Please output all of the entries exactly and omit any images they hold.

··· EXERCISE INPUTS

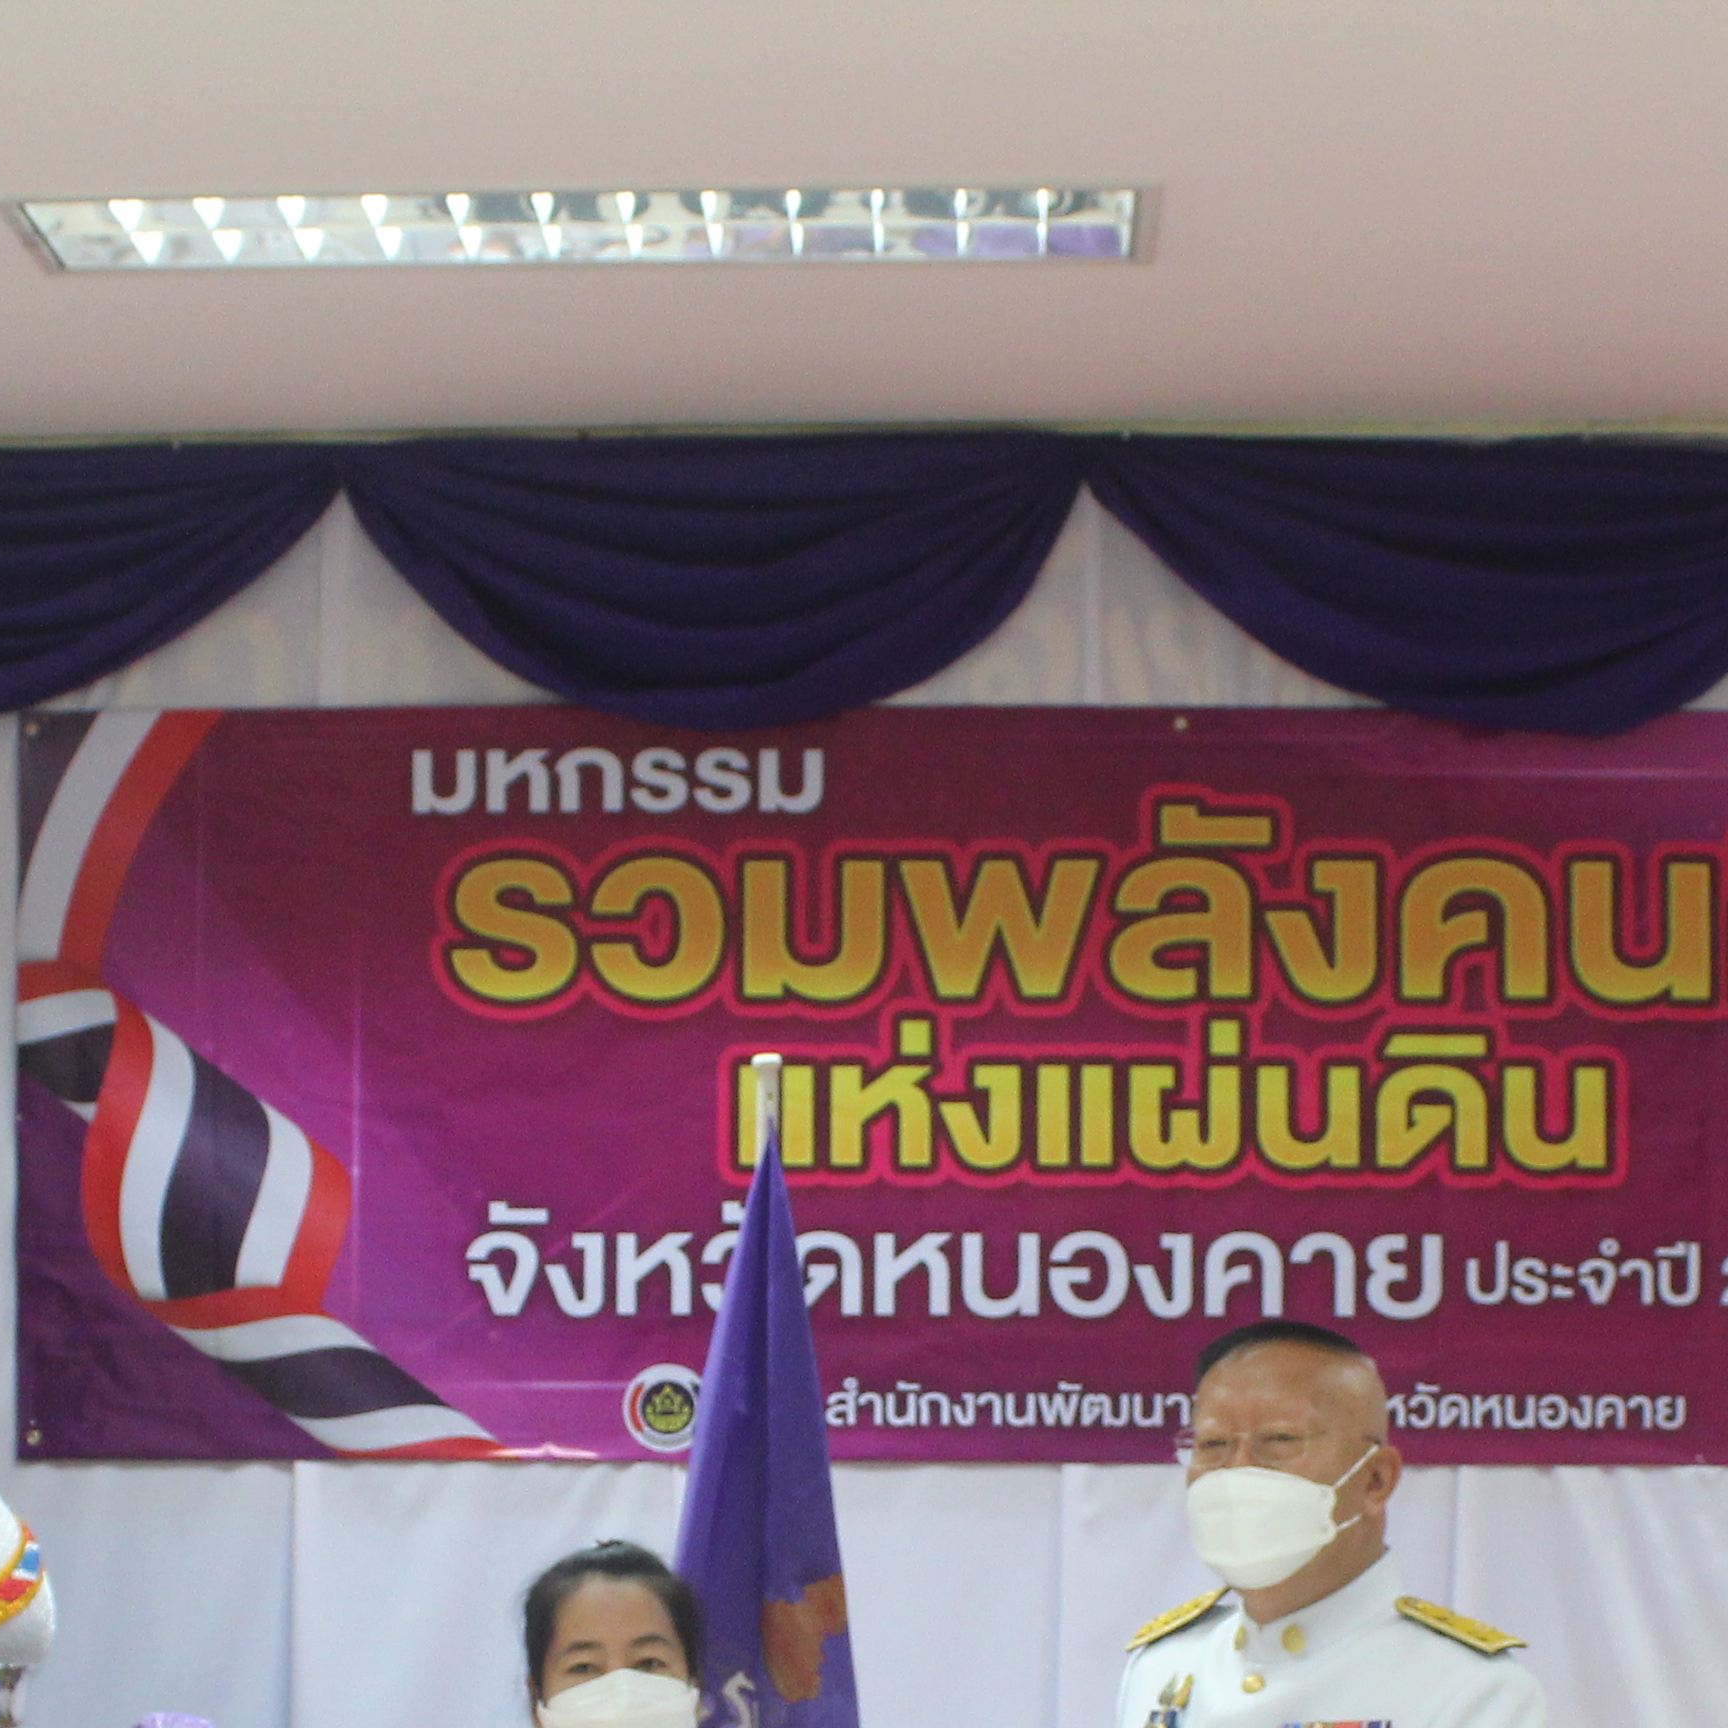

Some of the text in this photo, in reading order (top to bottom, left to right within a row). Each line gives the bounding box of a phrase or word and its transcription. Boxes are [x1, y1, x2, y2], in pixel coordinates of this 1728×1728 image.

[410, 747, 826, 815] มหกรรม
[735, 1016, 1610, 1172] แห่งแผ่นดิน
[1464, 1236, 1703, 1307] ประจำปี
[824, 1376, 1198, 1428] สำนักงานพัฒนา

······

ANSWER SPACE —
Some of the text in this photo, in reading order (top to bottom, left to right within a row). Each line gives the bounding box of a phrase or word and its transcription. Boxes are [x1, y1, x2, y2], in pixel coordinates of this 1728×1728 image.

[410, 747, 826, 815] มหกรรม
[735, 1016, 1610, 1172] แห่งแผ่นดิน
[1464, 1236, 1703, 1307] ประจำปี
[824, 1376, 1198, 1428] สำนักงานพัฒนา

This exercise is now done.